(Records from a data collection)
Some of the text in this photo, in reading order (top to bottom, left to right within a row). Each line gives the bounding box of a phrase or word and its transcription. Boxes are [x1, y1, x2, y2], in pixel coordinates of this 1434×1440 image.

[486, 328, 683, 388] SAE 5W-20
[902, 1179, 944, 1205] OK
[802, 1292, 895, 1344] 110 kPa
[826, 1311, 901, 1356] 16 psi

*What the exercise asks*
The required answer is every line of the data, duplicated exactly.

*Answer*
Some of the text in this photo, in reading order (top to bottom, left to right within a row). Each line gives the bounding box of a phrase or word and its transcription. Boxes are [x1, y1, x2, y2], in pixel coordinates of this 1434×1440 image.

[486, 328, 683, 388] SAE 5W-20
[902, 1179, 944, 1205] OK
[802, 1292, 895, 1344] 110 kPa
[826, 1311, 901, 1356] 16 psi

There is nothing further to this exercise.